The project is focused on PhiloBiblon. a forty-year-old database for the study of the medieval history and literatures of the Romance cultures of the Iberian Peninsula: Portuguese and Galician-Portuguese, Castilian, and Catalan. It contains four subsidiary databases:

  • BETA: Bibliografía Española de Textos Antiguos: Medieval texts in Spanish.BIPA: Bibliografía de la Poesía Áurea: Golden Age (16th-17th c.) Poetry in Spanish.
  • BITAGAP: Bibliografia de Textos Antigos Galegos e Portugueses: Medieval texts in Galician, Galician-Portuguese, and Portuguese,
  • BITECA: Bibliografia de Textos Antics Catalans, Valencians i Balears: Medieval texts in Catalan.

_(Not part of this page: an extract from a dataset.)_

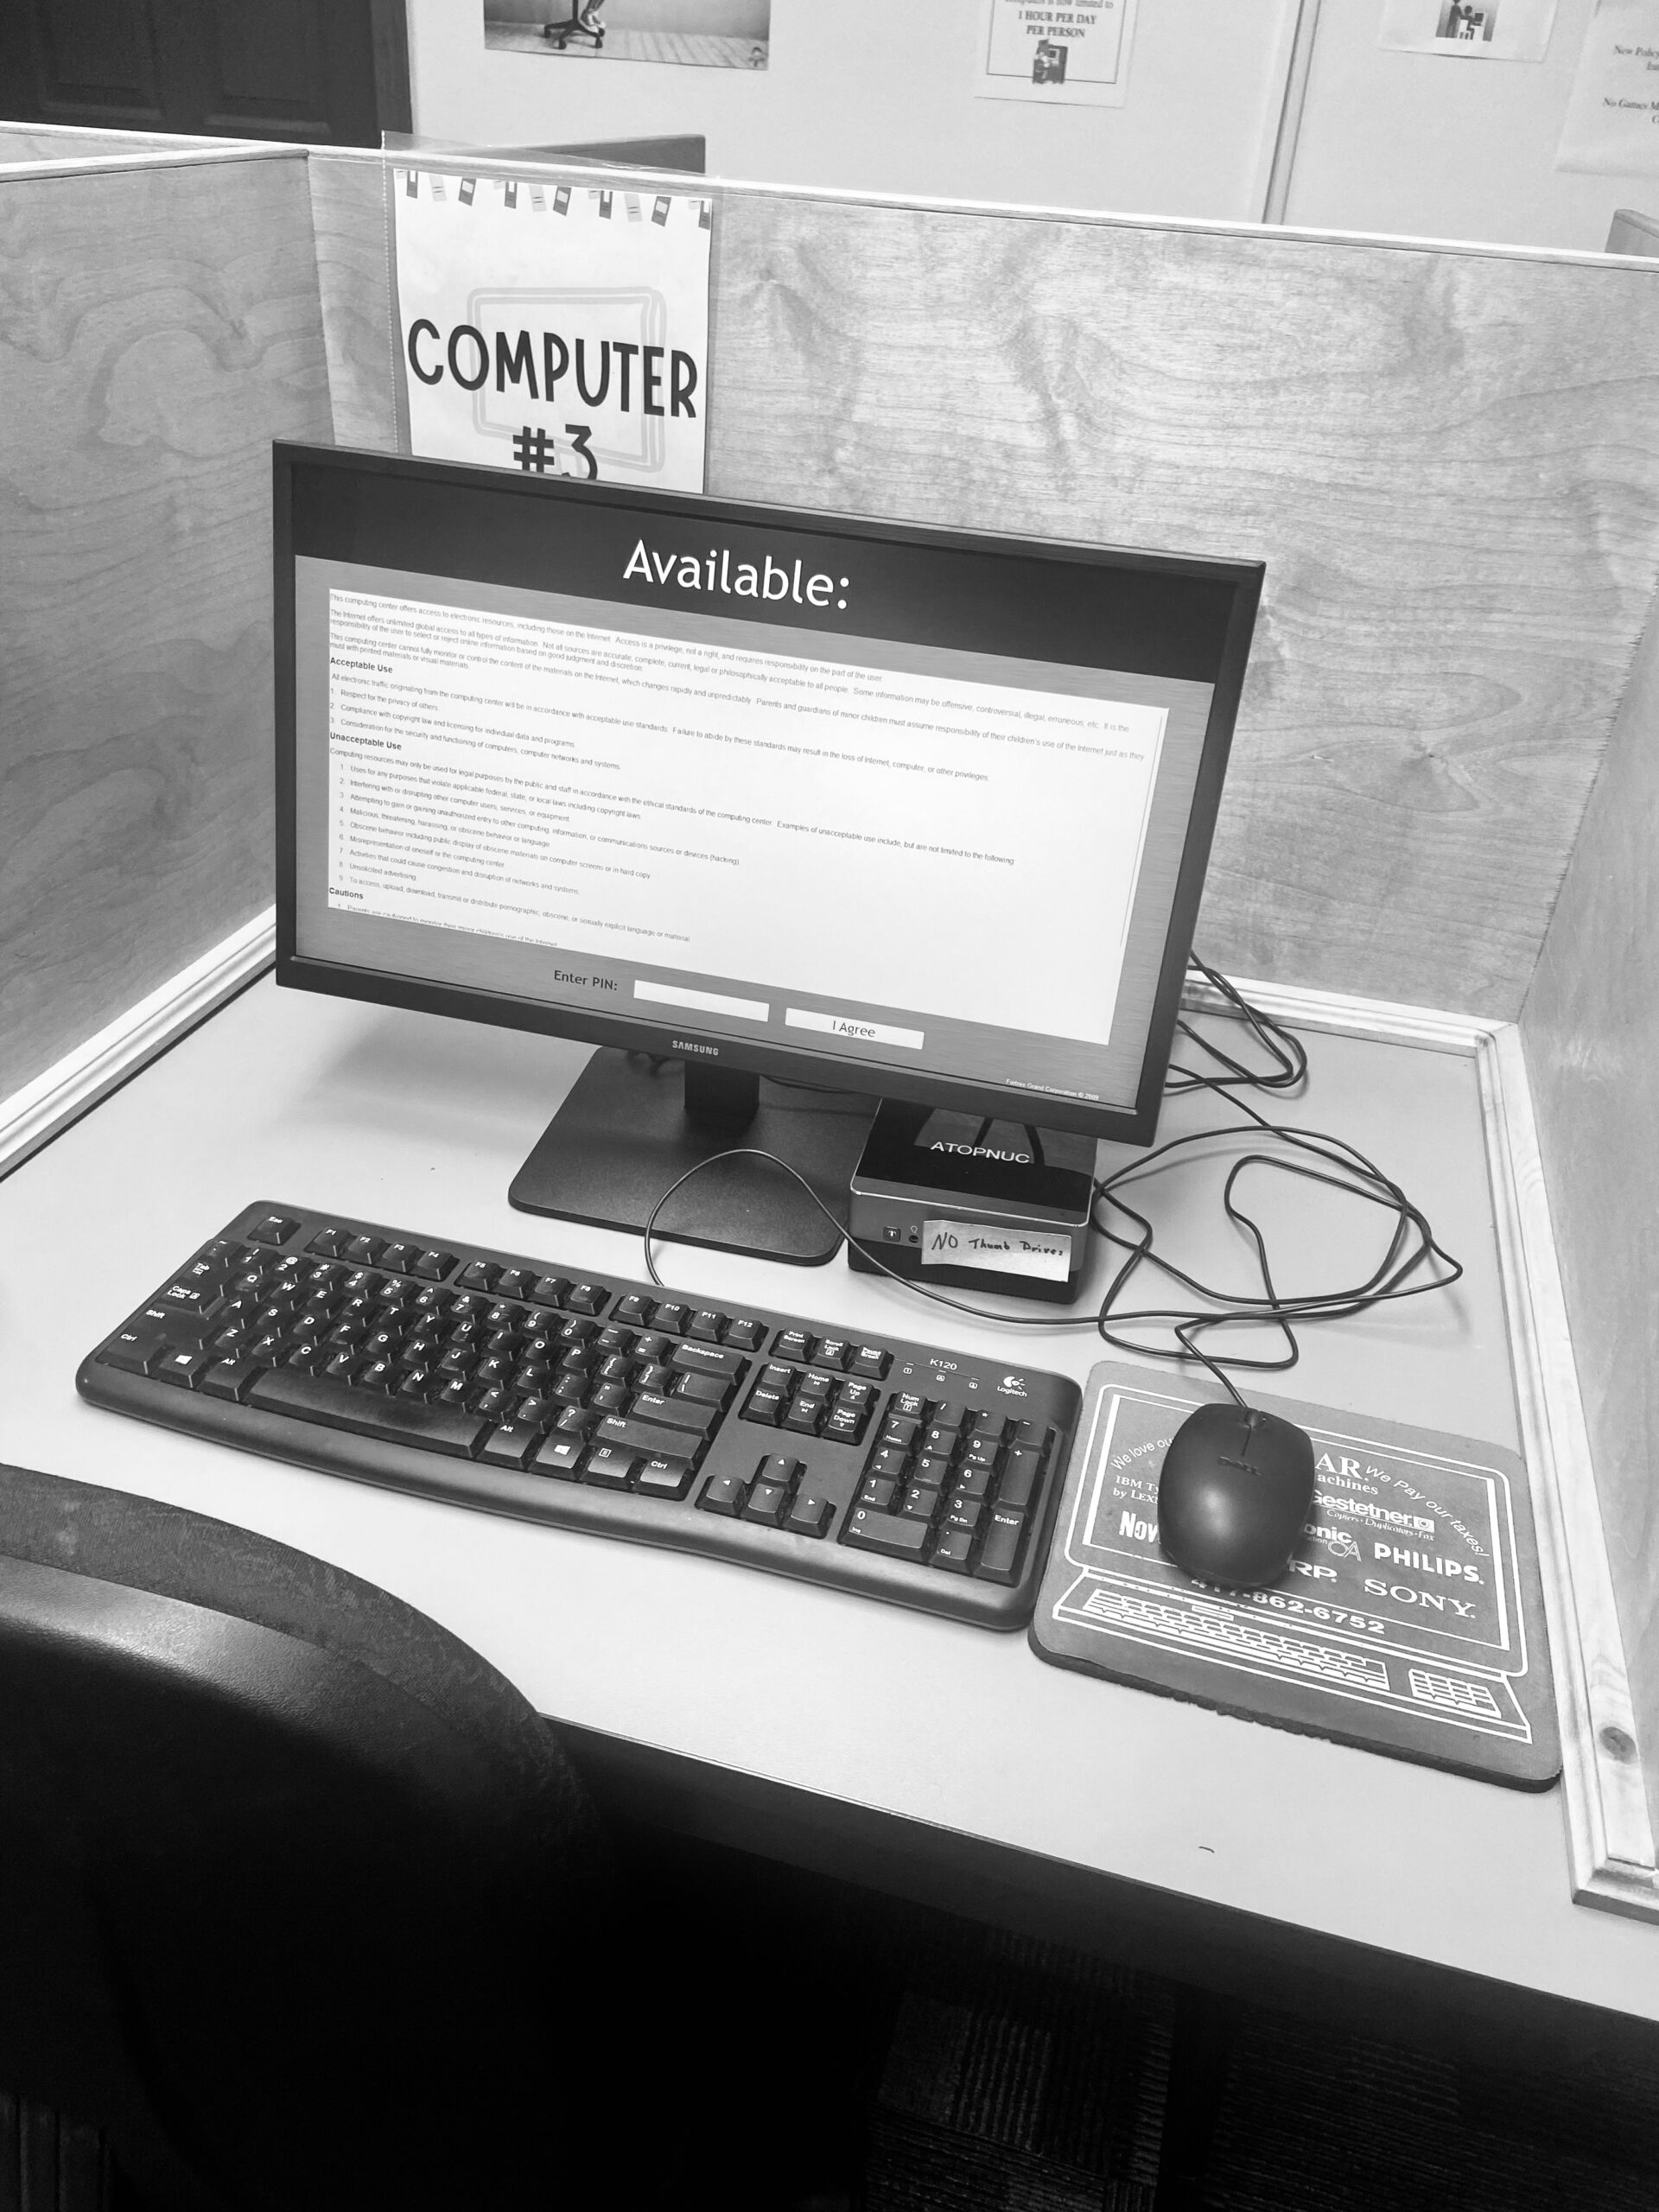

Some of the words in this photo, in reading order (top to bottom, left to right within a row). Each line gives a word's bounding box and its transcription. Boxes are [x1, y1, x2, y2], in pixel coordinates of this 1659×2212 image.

The project is designed to solve one of the most vexing problems facing long-standing digital projects: maintainance of the software platform. PhiloBiblon started out in 1975 as an ancillary database of the Dictionary of the Old Spanish Language project, carried out at University of Wisconsin, Madison, by Lloyd Kasten and his student, John Nitti. In Madison the database management system (DBMS) used was FAMULUS, created, ironically, in Berkeley in 1964, for the Pacific Southwest Forest and Range Experiment Station. Since then, technological transformation has been a constant: from the CD-ROM discs of ADMYTE (Archivo Digital de Manuscritos y Texts Españoles ) to a first web version in 1997 to the current 2014 version. Each transformation has usually required multiple grant applications to agencies and foundations, especially to NEH.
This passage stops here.